Tuesday, July 3, 2012

With a Purposeful Grimace and a Terrible Sound

When Gojira's From Mars to Sirius stormed the US in 2006, earnest but lazy stateside listeners called the band "a French Mastodon." Now that their fifth album, L'enfaunt Sauvage is out, no one with shrewder ears than Jann Wenner will be making that mistake.



Unlike the Georgia Giants, whose every record seems to reflect a new direction, or Lamb of God, content to stomp on their burnt palaces from heron, Gojira have found where they're going and gone deeper over their past few records. The oddly dry The Link excepted, each Gojira album succincts and out-brutalizes the serrated riffage and tribal drumming of the record before.

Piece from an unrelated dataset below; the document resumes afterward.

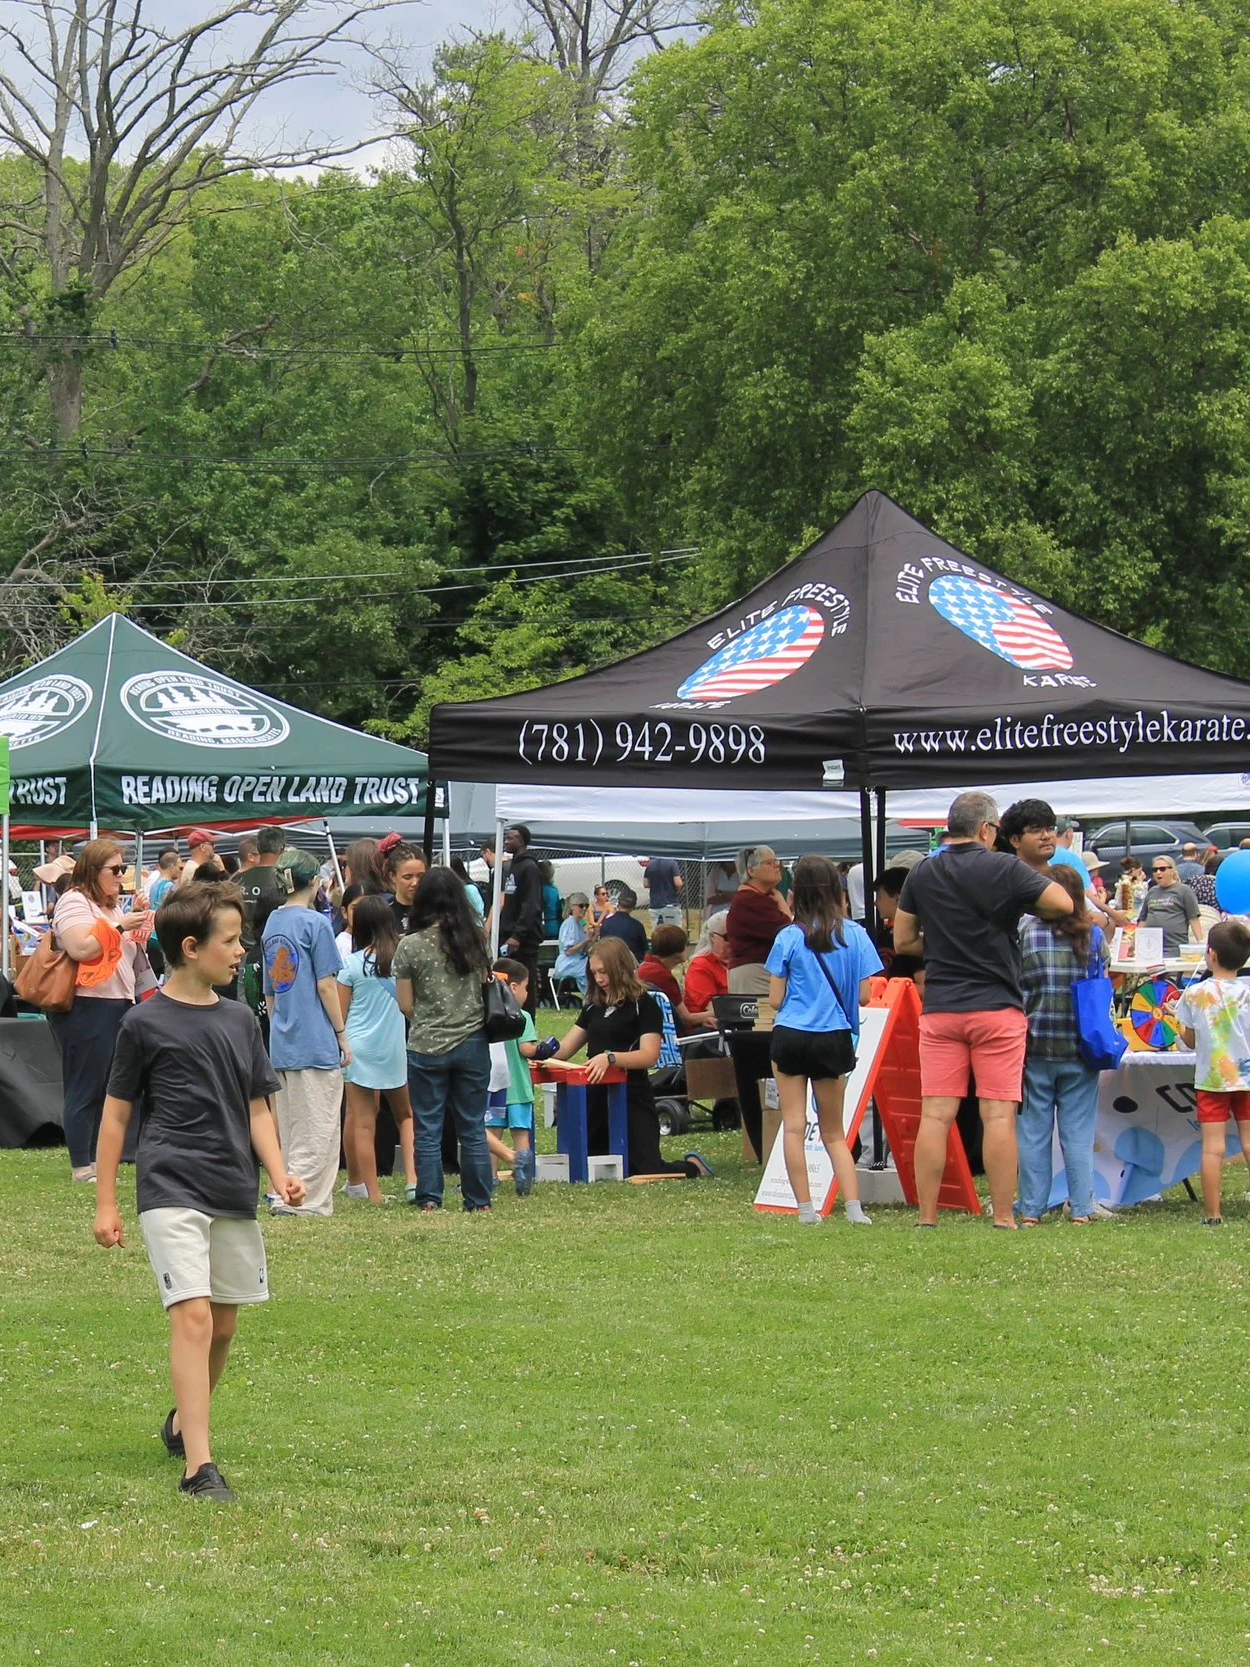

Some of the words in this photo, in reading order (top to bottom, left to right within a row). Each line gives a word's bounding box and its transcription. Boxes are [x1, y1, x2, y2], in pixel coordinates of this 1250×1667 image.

How Gojira can make death-prog this ingratiating is still a mystery. On L'enfant Sauvage, the band is wiping out old things like hooks and time signatures and rendering their Inconvenient Truth-worthy lyrics indecipherable. The push-pull of brothers Joe and Mario Duplantier is the kind of chemistry that comes around once in a metal moon--check out how Mario's cymbal precision glows under Joe's palm-muting in "Explosia," or how the drums infiltrate the guitar lines of "Liquid Fire" and the title track. A professor of tones, slides and pinch harmonics, Duplantier is one of the 21st century's guitar gods, whether turning "Born in Winter"'s mellow drone into a savage melody, eliciting cries under his brother's beatdown on "Pain is a Master" or dropping in on the ocean in "The Wild Healer." Unless Converge or Pig Destroyer can do better, this will be the year's best metal album.